Other activities REACH has been a part of over the years include a newspaper written by homeschool teens (circa 2003), involvement in Odyssey of the Mind (2002 -2008) a general homeschool 4-H group (2005-2008, 2015) a homeschool pocket pet 4-H group (2001-2008) and many other things.

Drama has become an integral part of REACH. Our first play for the public was directed by our own Katherine Morris-Kotowski (then Morris) and was “A Midsummer Night’s Dream” in 2005.  Some of the kids I talked to remember a few other ‘classroom’ plays before this.  We had a few plays before Kate got busy with grown-up life and we took a break. In 2009 Nora-Lee stepped up to direct Robin Hood and has been with us ever since.

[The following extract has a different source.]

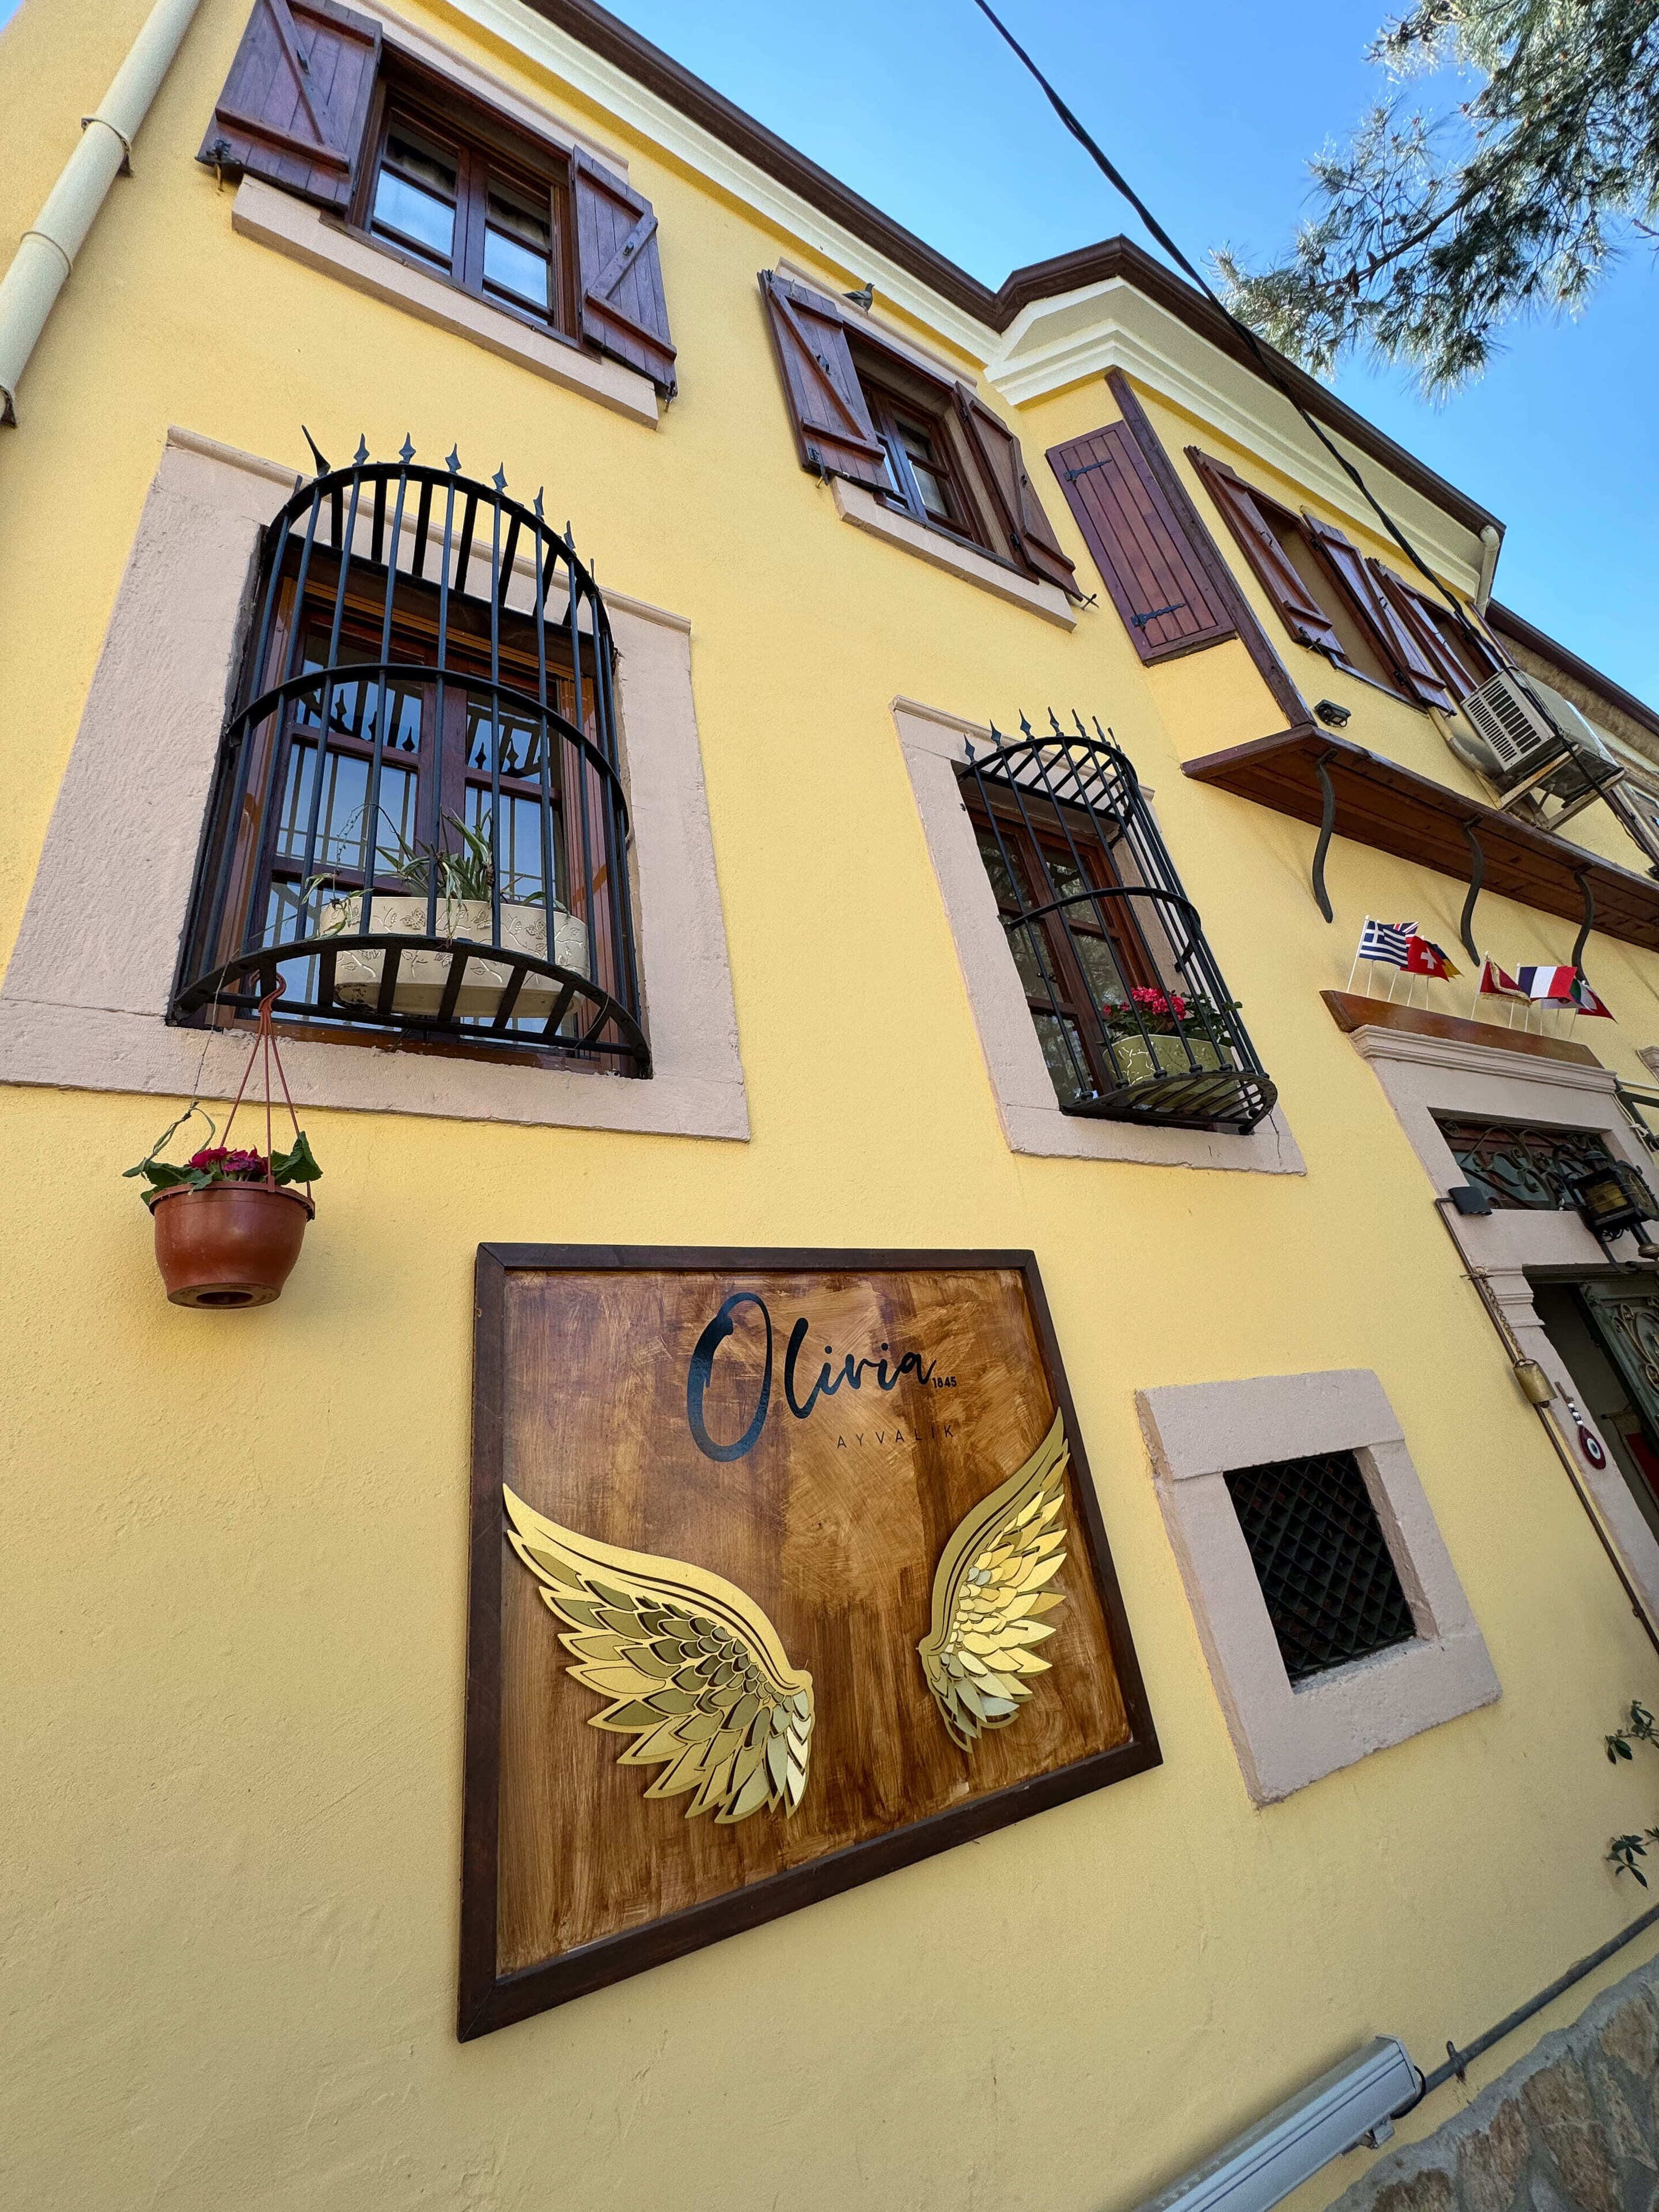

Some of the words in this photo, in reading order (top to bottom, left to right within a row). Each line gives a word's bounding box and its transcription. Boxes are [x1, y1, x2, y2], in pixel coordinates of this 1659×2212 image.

[687, 1292, 937, 1463] Olivia
[932, 1376, 957, 1388] 1845
[837, 1425, 954, 1449] AYVALIK

During all of this my own children had the nerve to grow up and ‘graduate’ out of homeschooling. As my life changed I found myself stepping back from REACH responsibilities and was quite amazed to see the group continue on with barely a hiccup. As with most groups, it had years with many families and activities and other years, less. The group was never about me or my children and through it all, has stood the test of time and leadership. How lucky am I that the group I started all these years ago is still going strong and ready for my grandson with the time comes.